# User Support > Forum Software Support >  We now have an official Mobile style

## Scott Tichenor

Our forum is now available in a true mobile style app. When you access with your mobile device, unless you're using an older one, you will automatically be redirected to the mobile style. For now we'll live with the blue that came with the default style (unless I decide to get in and hack that which they don't recommend). That will change with a future release for those of you that get lonely for my boring shades of gray and yellow. 

Below some screen shots. Note that some areas are not yet supported like the Social Groups but as we move forward we'll work towards opening up all areas. I've been really pleased how easy it is to read posts, reply, etc. Most of the functions you're already using stripped down more appropriately for mobile devices.

A few of you are used to browsing in full web mode. I'd ask you take some time to become acquainted with the mobile style and reserve your judgement and comments. This is a major enhancement and we realize not everyone likes change. 

Tips for using: The "Mandolin Cafe" banner at the top of every page is also a link that takes you to the Forum home page. To the right of that logo are two image links. The first takes you to the second screen shot below which is a page with all of the main forum links, and the icon on the far right is a link to a search area.

*Forum front page:*




*Forum options page:*

----------


## Mark Robertson-Tessi

Already way better than pinching and squinting!  Thx

----------


## Miked

I guess "older one" would include a Palm Pre?

----------


## Phil Vinyard

It works! Much nicer. Thanks, Scott!

----------


## Markus

Great! I rarely browse on my desktop anymore.

That said, the reply button does not seem to work on my HTC Android phone. I can subscribe to the thread, but Reply To Thread highlights but does not select. 

It would appear I'm running Android 2.1-update 1. Browser is default browser version 7, in phone settings says WebKit 3.1.

If there's a way I can be of help testing, let me know. 

Thanks for moving this forward. It'll be fun to watch this develop.

----------


## Scott Tichenor

You'll want to make sure you're logged in of course and I'll assume you were. I only have an iPhone to test. Hopefully we'll hear frome others. I posted this from my iPhone.

----------


## Markus

Scott, apparently it works sometimes. I have had unresponsive buttons, but I am posting this via my mobile device.

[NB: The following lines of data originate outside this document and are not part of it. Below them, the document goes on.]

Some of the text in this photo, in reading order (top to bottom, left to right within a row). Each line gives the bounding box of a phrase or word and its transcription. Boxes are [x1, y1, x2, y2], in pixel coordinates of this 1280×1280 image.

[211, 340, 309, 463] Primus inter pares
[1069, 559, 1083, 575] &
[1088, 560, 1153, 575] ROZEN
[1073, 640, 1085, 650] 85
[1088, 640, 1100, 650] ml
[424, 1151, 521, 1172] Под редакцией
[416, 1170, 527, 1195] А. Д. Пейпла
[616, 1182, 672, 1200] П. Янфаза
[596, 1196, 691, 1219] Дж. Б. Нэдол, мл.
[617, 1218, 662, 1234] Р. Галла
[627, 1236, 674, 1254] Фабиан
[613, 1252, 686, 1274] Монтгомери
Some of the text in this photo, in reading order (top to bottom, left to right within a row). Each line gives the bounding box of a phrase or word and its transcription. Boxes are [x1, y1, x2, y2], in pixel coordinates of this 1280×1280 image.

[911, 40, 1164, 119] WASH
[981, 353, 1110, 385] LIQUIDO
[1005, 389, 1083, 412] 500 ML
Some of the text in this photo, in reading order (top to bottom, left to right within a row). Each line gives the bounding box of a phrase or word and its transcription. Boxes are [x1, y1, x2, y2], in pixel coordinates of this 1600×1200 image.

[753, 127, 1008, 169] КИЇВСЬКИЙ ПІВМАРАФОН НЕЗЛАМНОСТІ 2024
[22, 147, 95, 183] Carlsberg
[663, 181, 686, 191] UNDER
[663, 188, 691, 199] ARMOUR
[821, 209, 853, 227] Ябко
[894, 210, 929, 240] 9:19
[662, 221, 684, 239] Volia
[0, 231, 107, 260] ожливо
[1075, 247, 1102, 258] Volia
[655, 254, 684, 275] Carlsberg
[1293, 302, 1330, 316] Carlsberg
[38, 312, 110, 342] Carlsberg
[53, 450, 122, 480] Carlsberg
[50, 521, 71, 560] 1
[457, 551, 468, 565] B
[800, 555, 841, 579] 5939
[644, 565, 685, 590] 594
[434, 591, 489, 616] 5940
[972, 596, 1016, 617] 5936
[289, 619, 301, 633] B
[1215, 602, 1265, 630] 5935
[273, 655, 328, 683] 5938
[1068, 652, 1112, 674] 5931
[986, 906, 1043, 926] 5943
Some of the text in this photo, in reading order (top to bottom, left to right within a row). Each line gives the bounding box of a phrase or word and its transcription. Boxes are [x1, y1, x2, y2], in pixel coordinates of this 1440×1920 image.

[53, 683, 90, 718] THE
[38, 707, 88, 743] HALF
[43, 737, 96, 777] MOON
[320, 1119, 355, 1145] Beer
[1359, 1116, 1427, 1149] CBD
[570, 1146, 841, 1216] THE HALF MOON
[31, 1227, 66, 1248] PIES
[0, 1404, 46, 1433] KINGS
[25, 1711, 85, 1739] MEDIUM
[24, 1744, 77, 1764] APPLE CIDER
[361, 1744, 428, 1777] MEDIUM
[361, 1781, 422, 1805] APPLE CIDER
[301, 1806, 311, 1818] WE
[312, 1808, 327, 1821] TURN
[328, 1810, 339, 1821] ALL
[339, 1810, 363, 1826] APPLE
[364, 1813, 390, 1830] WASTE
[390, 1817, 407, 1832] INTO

I will patiently work with it. Everything I have seen at MC suggests that it will consistently improve. Mandolins aren't built in a day.

----------


## Dave Greenspoon

Nice and clean look on my Android.  Easy to navigate, etc.  Nice work Scott!

----------


## bfriedman

Thanks! Seems to work great on my iPhone.

----------


## Elliot Luber

I'm using the old Iphone Mandolin Cafe app. How do I upgrade?

----------


## Scott Tichenor

> I'm using the old Iphone Mandolin Cafe app. How do I upgrade?


The app is a separate way to access the forum, not really related. There's no upgrade here. When you access the forum on your mobile device with a web browser it will detect and present it in a more compact manner than a normal web page.

----------


## Gerry Cassidy

Chalk up another +1 from a 'Droid user.

----------


## pjlama

I noticed it this morning, good show, thank you Scott!

----------


## Markus

> Chalk up another +1 from a 'Droid user.


It's a huge, huge plus for us Android users.

----------


## j-hill

This may be obvious to some but to access the newest posts, it looks like you go to the Forum Options Page (it's the screen shot Scott shows above; the one with all the icons) and then click on 'What's New.'

Great work, Scott.  Thanks for doing it.

----------


## blacktoe

Looks and works great! Droid X2.

----------


## GRW3

iPhone 3GS no joy.

----------


## otterly2k

I just tried this on my G2X (Android 2.3.3) and am just getting a page that looks like it does on my desktop, only smaller (of course)
Is there anything I can do to be able to access this mobile version?
KE

----------


## mando.player

Are you running the latest version of iOS on that iPhones 3GS?  If not an update should get you to the latest version of Safari, which should get you the new skin.

----------


## Scott Tichenor

I have read but not experienced this: they suggest if you don't get the mobile style that you log out and back in on your mobile device. Somehow I don't think this is really an issue but if they say so, best to attempt it. Here's a list of platforms they say are supported. 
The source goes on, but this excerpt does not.